Often I’m left alone, but sometimes I get the old scruffy white guy who looks at me with a twinge of pity in his eyes and a chuckle under his breath as he graciously shows me what I’m looking for. And, me being no kind of boat rocker, accept the condescension soaked  help with a smile and a thank you.

This time I had walked in with kids in tow to look for pipe fittings for a desk I’m constructing. I figured since most people looking for pipe fittings are plumbers, contractors, or handymen, I would stick out a bit rummaging through bins of flanges and elbows.

And… I was right. I stuck out like a sore thumb, and within five minutes of my perusing, an older male attendant asked if I needed any help. I had prepared myself for this, since that’s what good, helpful Home Depot employees do.  I also prepared to be examined and patronized. So when the old white guy shuffled up, I took a deep breath and put my game face on.

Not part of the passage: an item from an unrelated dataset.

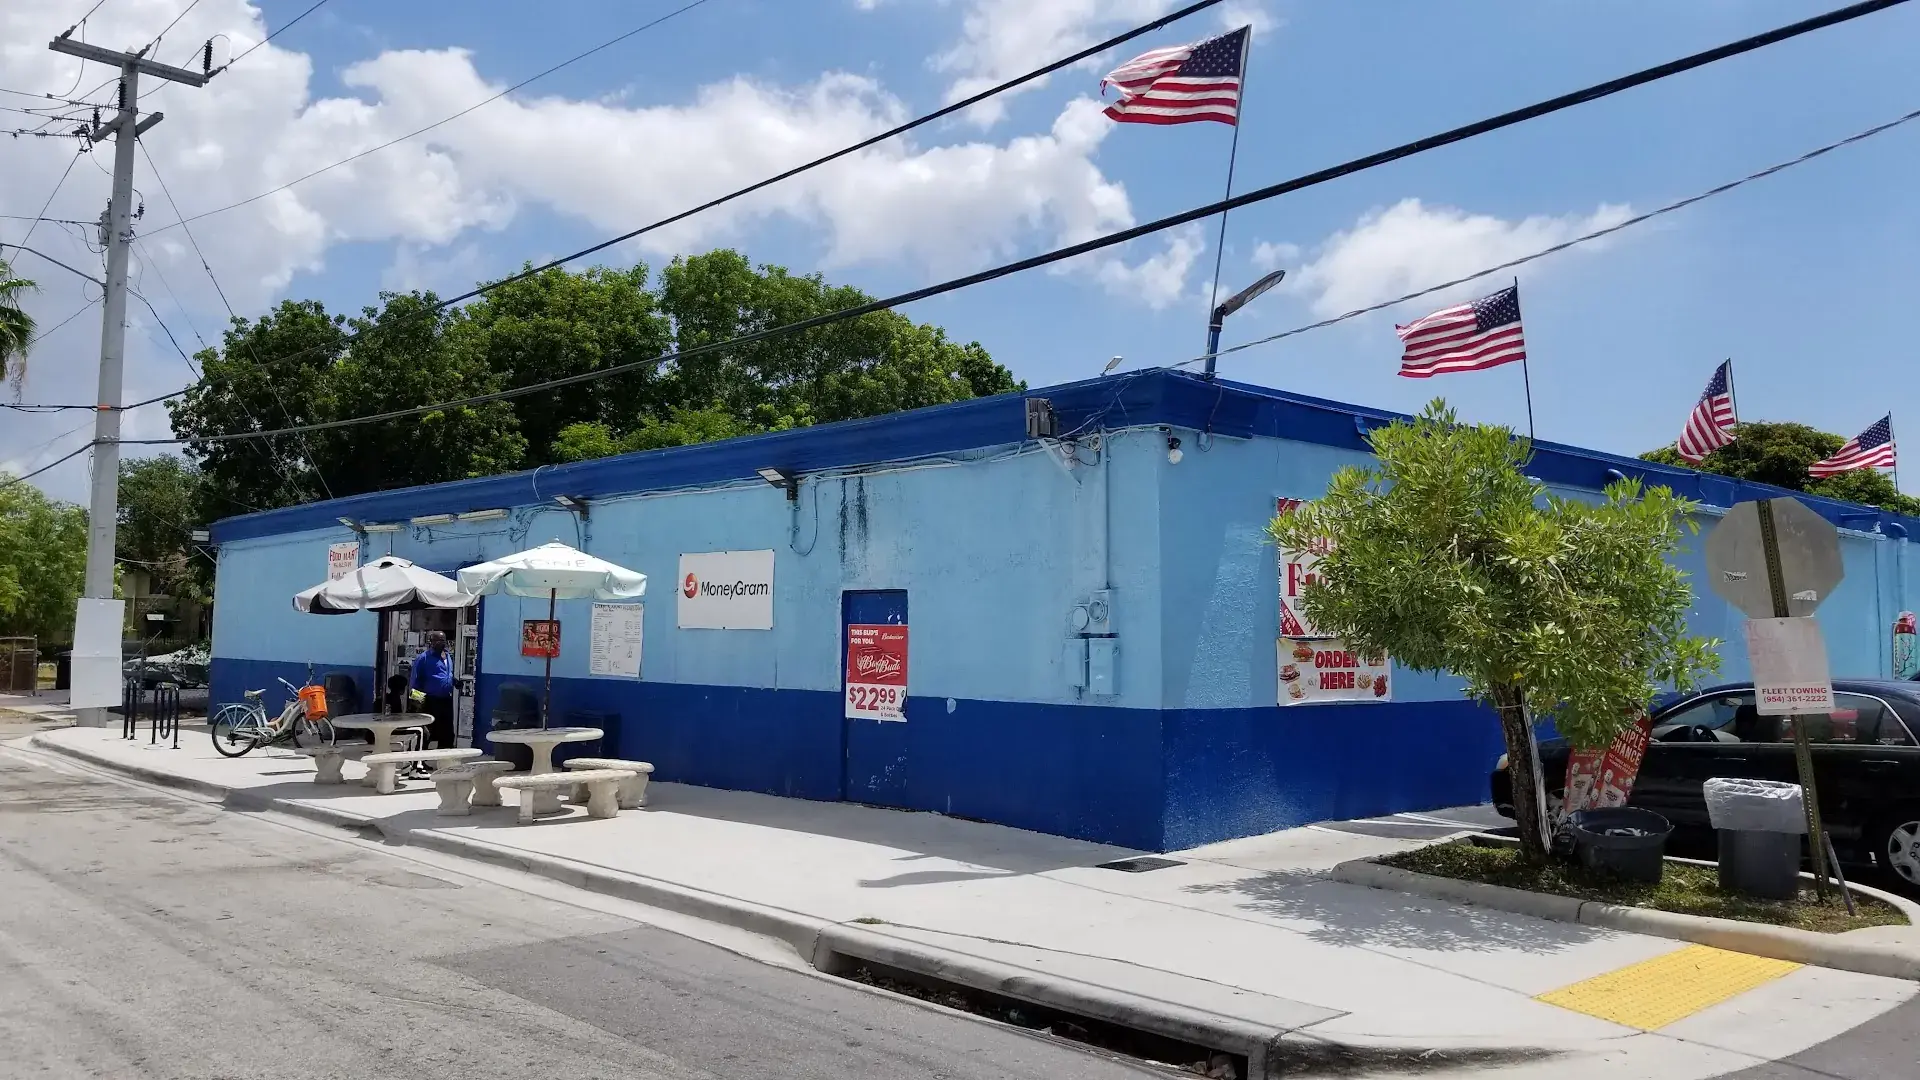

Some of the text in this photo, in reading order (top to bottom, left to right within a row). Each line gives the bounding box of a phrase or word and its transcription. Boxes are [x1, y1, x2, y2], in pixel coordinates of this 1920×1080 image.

First thing he said was, “You find what you was lookin’ for? You’ve been staring at that sketch for quite sometime now.” I thought, oh here we go, now I’m going to have to show him my sketch and he’s going to look at me with that “oh you dear little woman you.”

But to my surprise he didn’t . He looked at my sketch and said, Okay let’s see what we got. And he went right to work finding what I needed like pipe fittings were meant to be used as furniture… like duh that’s what plumbing is for!

And when I noticed a hiccup with my design, he promptly suggested a fix to me, without assuming that he’d have to explain it to me like I was a five year old. It was an amazing experience. And as quickly as he helped me, he was off to help someone else.

Almost as much as I appreciated him treating me with seriousness and courtesy, I appreciated that within thirty seconds of talking with him I no longer felt like I was a woman out of place being spoken to like a little girl by an old white man who knows I don’t belong. Instead, I felt like I was just another DIY’er being helped by a peer.

I had completely prejudged this man by assuming he was going to prejudge me. I had allowed my past experiences to dictate my expectations of my interactions with him.

Don’t get me wrong, I don’t always walk around thinking old white men look at me like I’m stupid. But I find plenty of moments where I feel like a woman in a man’s world. Maybe it’s me, but I don’t think so.

Either way, I’m thankful for my experience today. I may always feel anxious at the home improvement store, for fear of feeling judgement. But, I never have to assume that’s actually how my experience is going to end up.